17 - Paulo
Ci speravo, eccome se ci speravo, non ho desiderato altro da quando sono tornato dai Caraibi. Però, no, in realtà non me l'aspettavo. E invece Francesca ha appena suonato al mio citofono e ora è qui, davanti a me. Senza anello al dito.
Non so cosa dire e a quanto pare nemmeno lei, visto che rimaniamo entrambi impalati davanti alla porta, muti.

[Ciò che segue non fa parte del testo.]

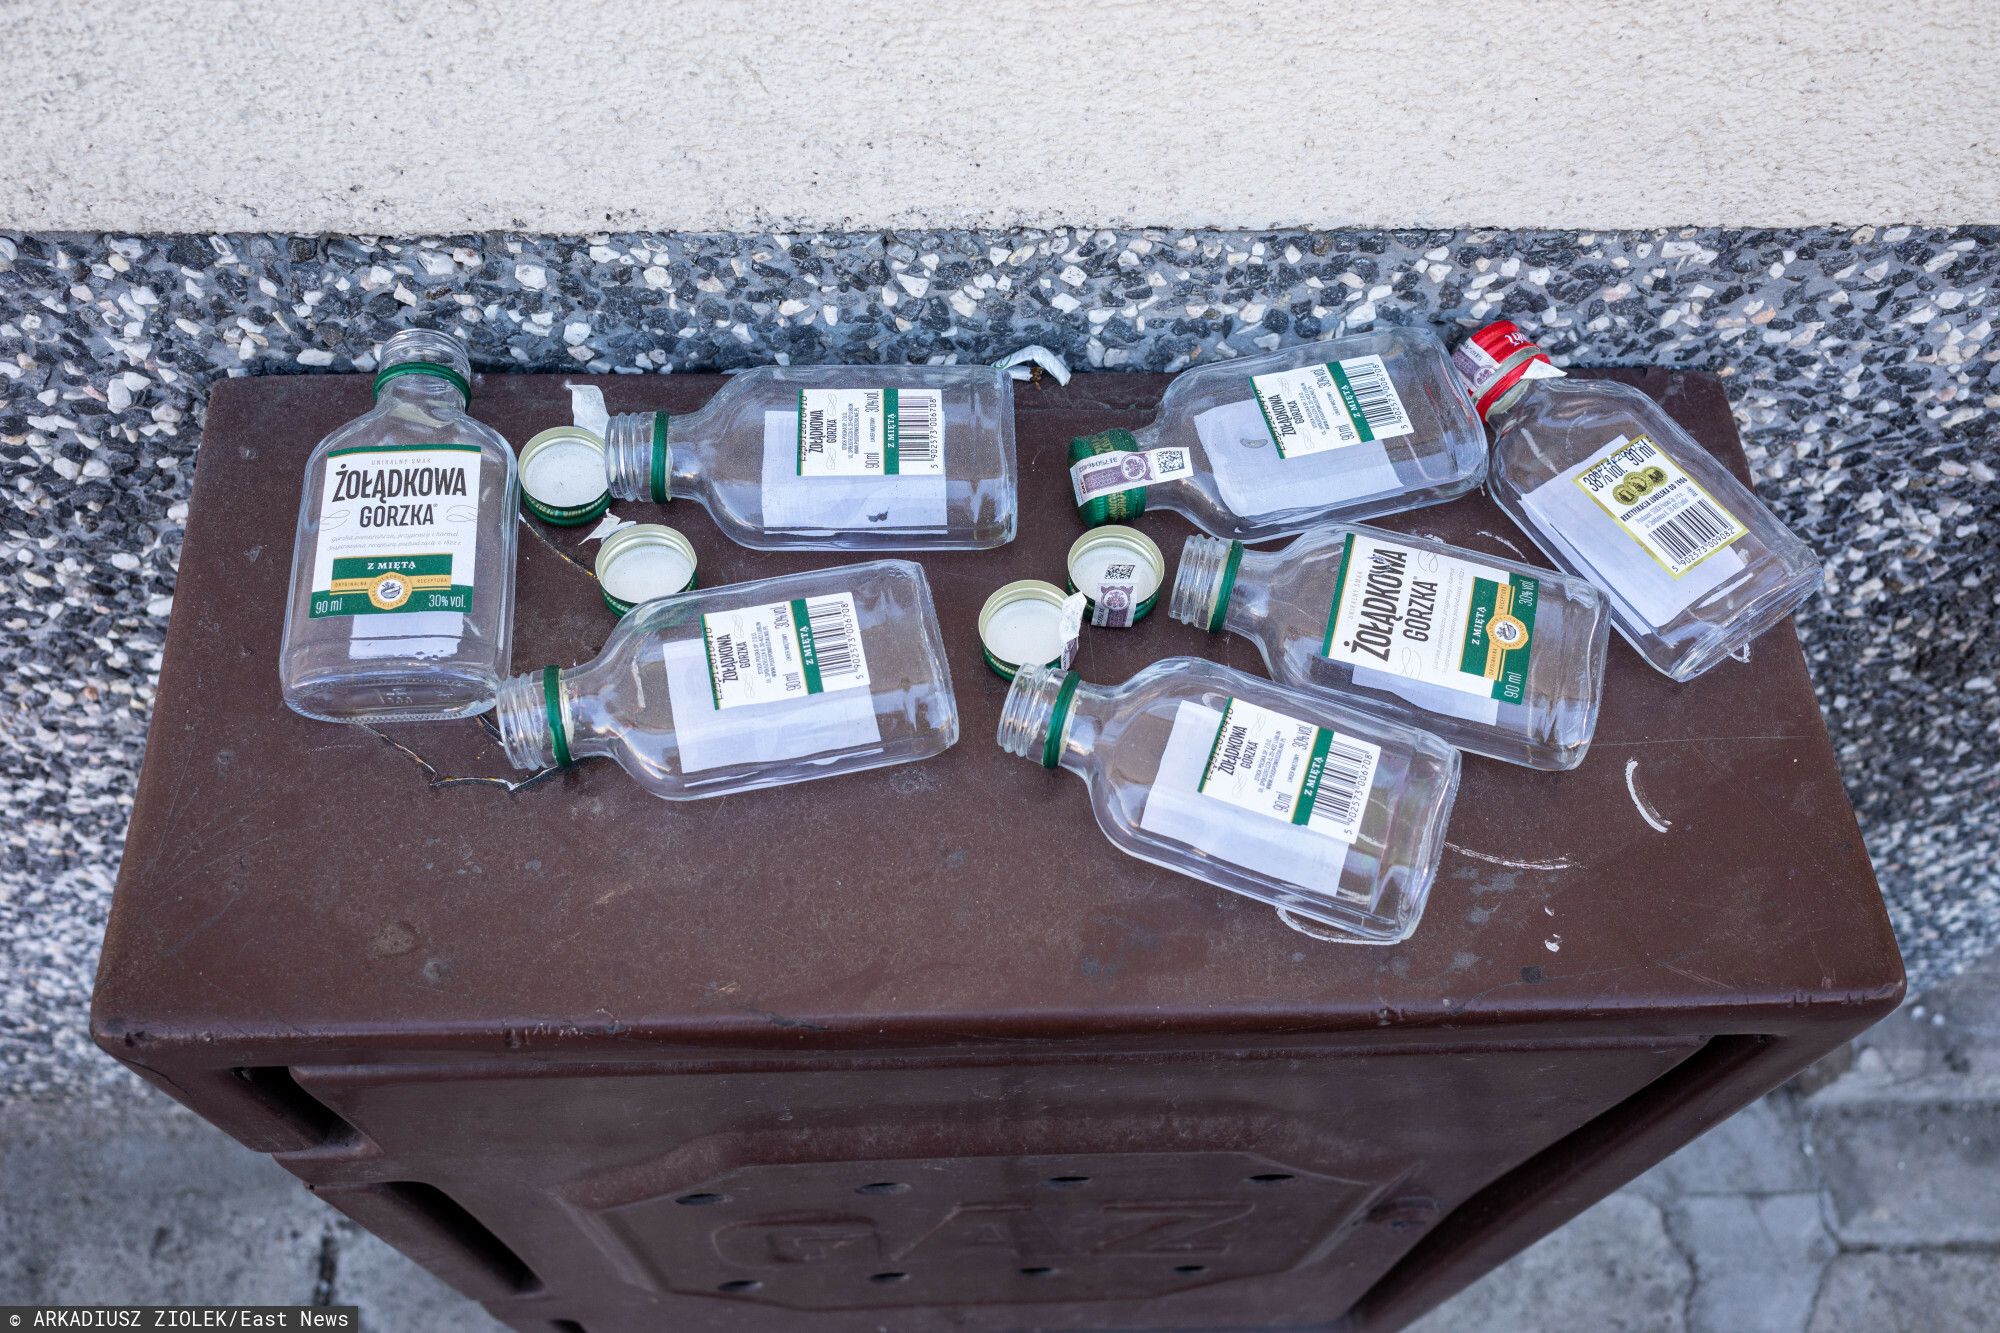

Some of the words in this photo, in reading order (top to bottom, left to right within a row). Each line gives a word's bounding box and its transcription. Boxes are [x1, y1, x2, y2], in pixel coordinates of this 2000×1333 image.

La prima che trova il coraggio è lei.
- Ciao...
- Ciao.
Mi guarda, poi abbassa gli occhi e poi di nuovo li rialza e li lascia vagare sulla stanza alle mie spalle. Potrei toccare l'imbarazzo che si è creato, lo si percepisce come solido, da tanto è forte.
- Senti... devo parlarti.
Fin lì pensavo di esserci arrivato anch'io... Comunque apprezzo lo sforzo che ha fatto per rompere il ghiaccio, dato che anch'io ci ho provato più di una volta, ma le parole mi sono sempre morte in gola.

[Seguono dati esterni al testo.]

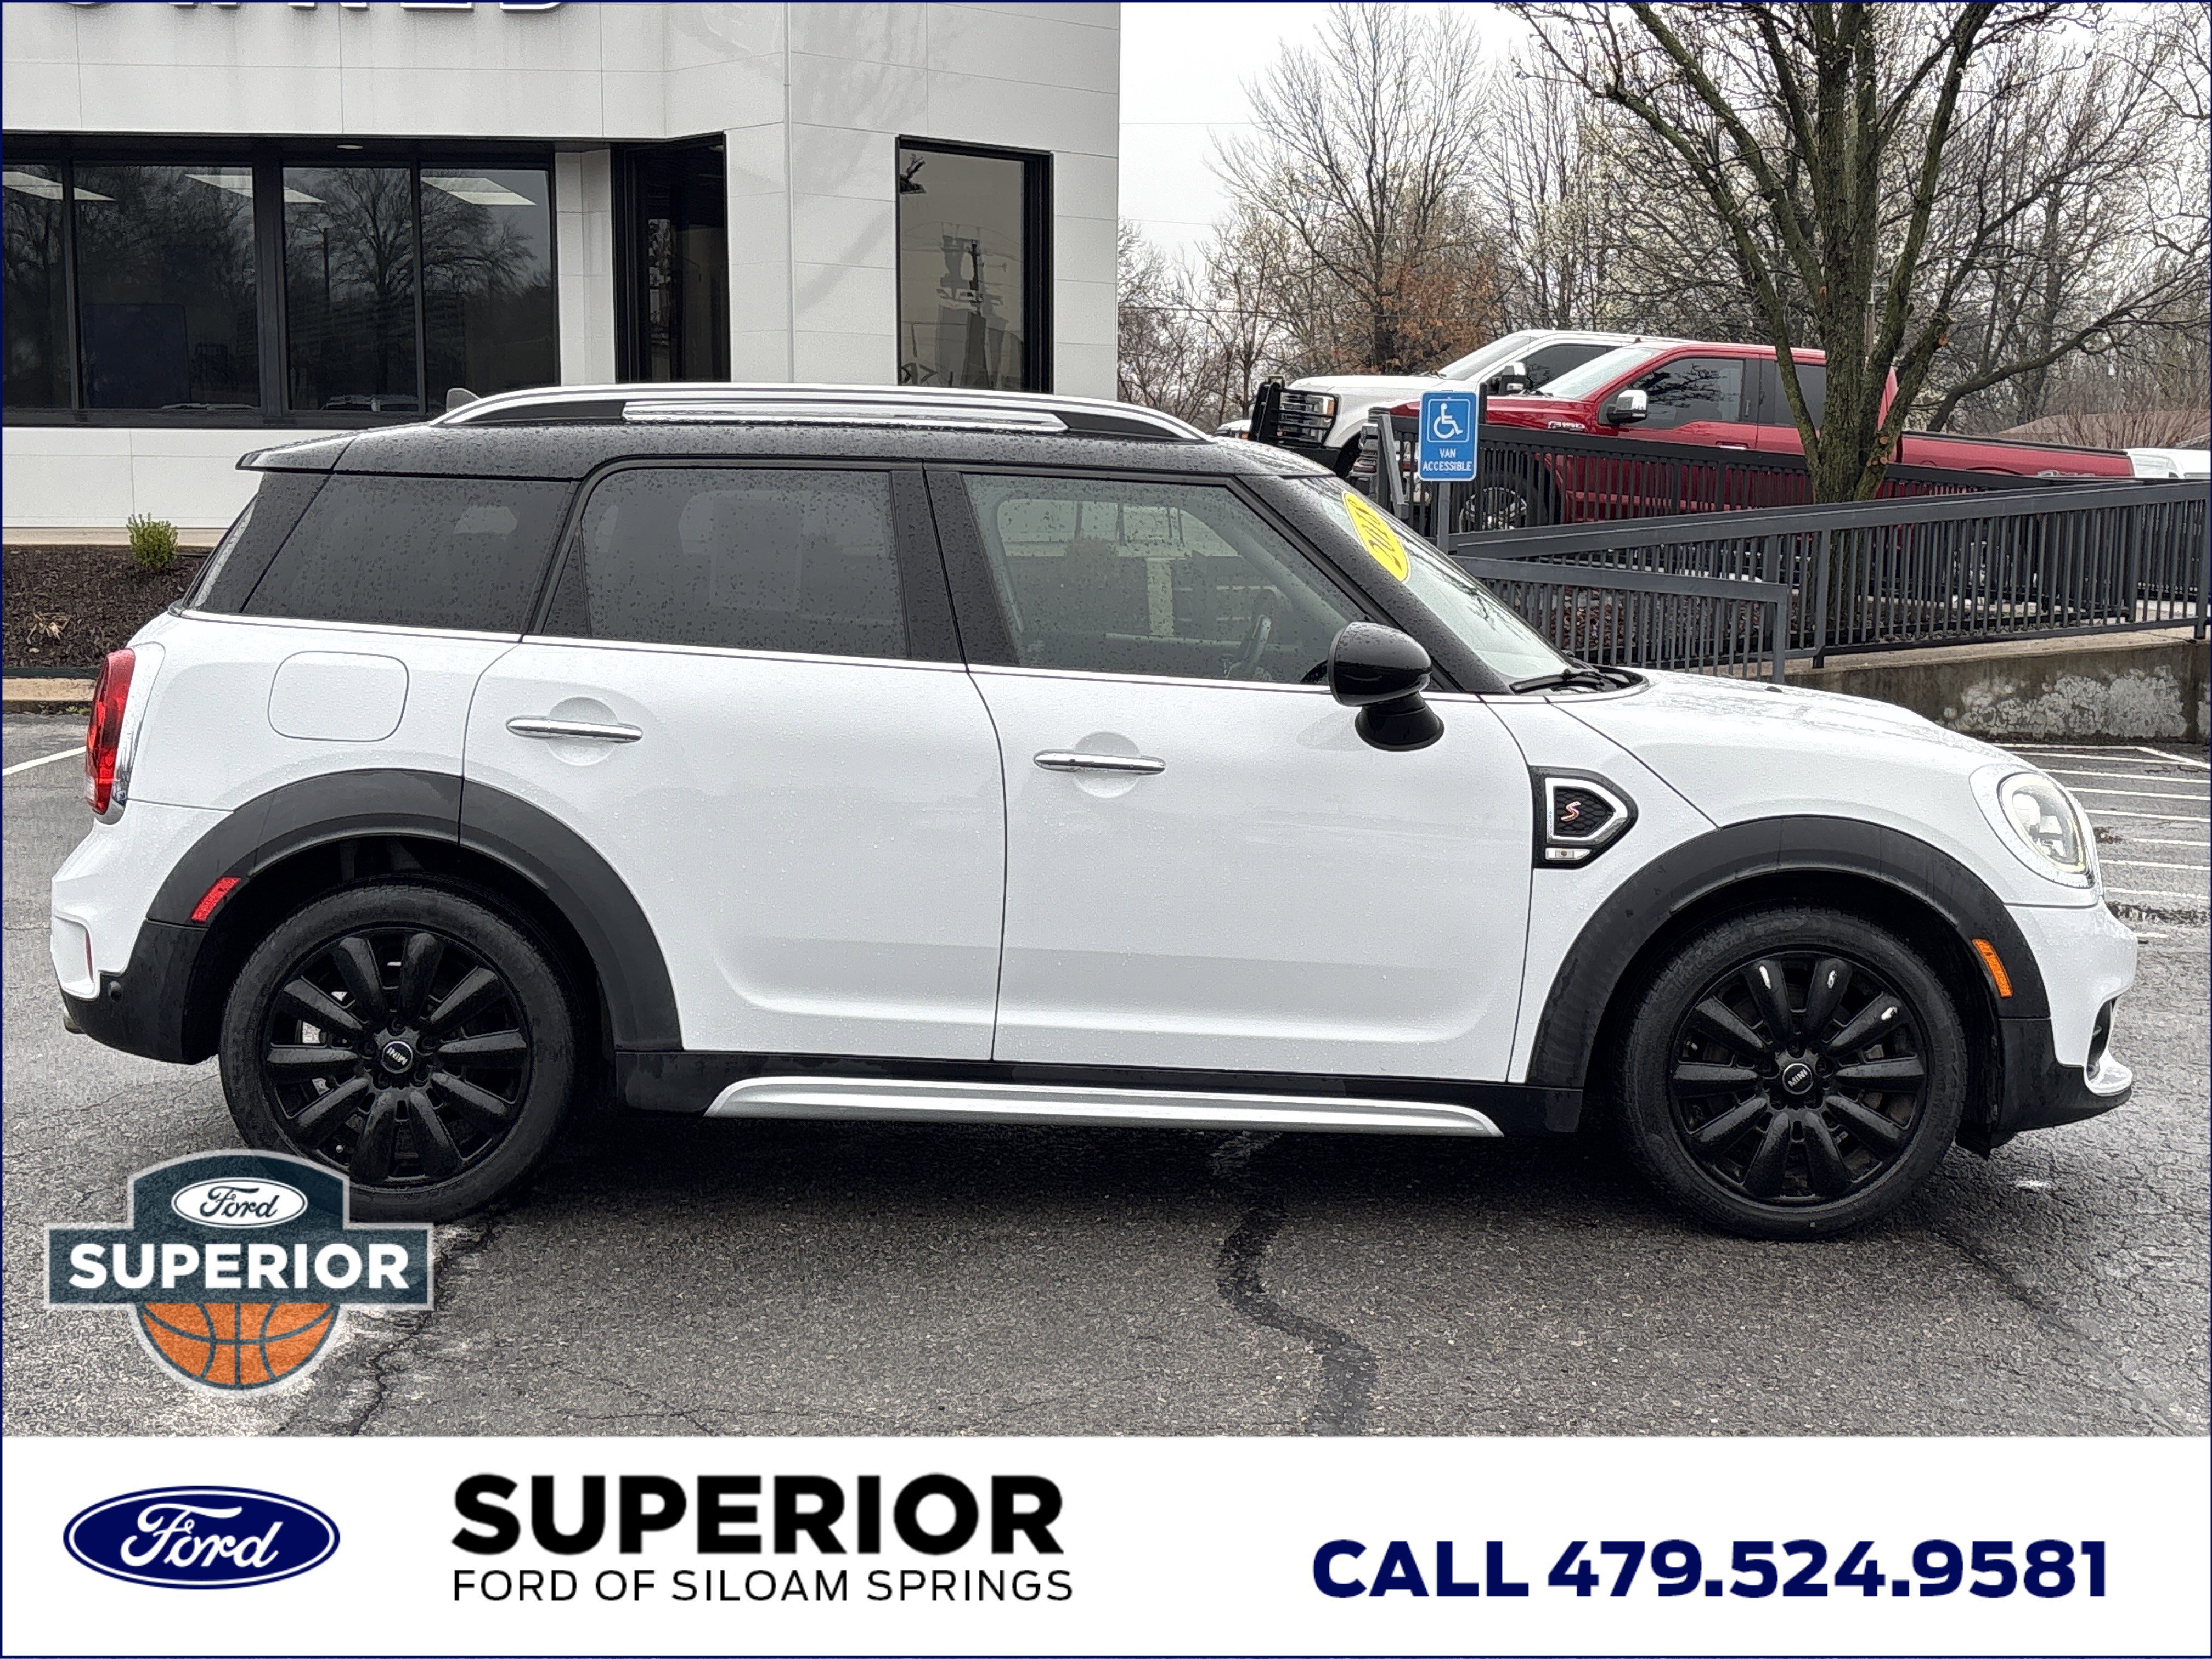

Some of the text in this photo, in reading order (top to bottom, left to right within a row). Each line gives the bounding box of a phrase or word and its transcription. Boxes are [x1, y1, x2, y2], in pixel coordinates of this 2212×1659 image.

Con il mento le indico il divano, quel divano che tanto le piaceva, e lei mi segue accennando un sorriso.
Ci sediamo, lei in pizzo, come faceva sempre le prime volte che veniva qui.
Io invece mi appoggio bene allo schienale: qualcosa mi dice che tra poco avrò un gran bisogno di un sostegno.
La osservo come ipnotizzato mentre con un certo disagio si sfila lo zaino, pienissimo come sempre, e lo appoggia sul pavimento ai suoi piedi. Mi guarda imbarazzata prima di togliersi anche la giacca, ma poi evidentemente decide che sarà una cosa lunga e se la leva.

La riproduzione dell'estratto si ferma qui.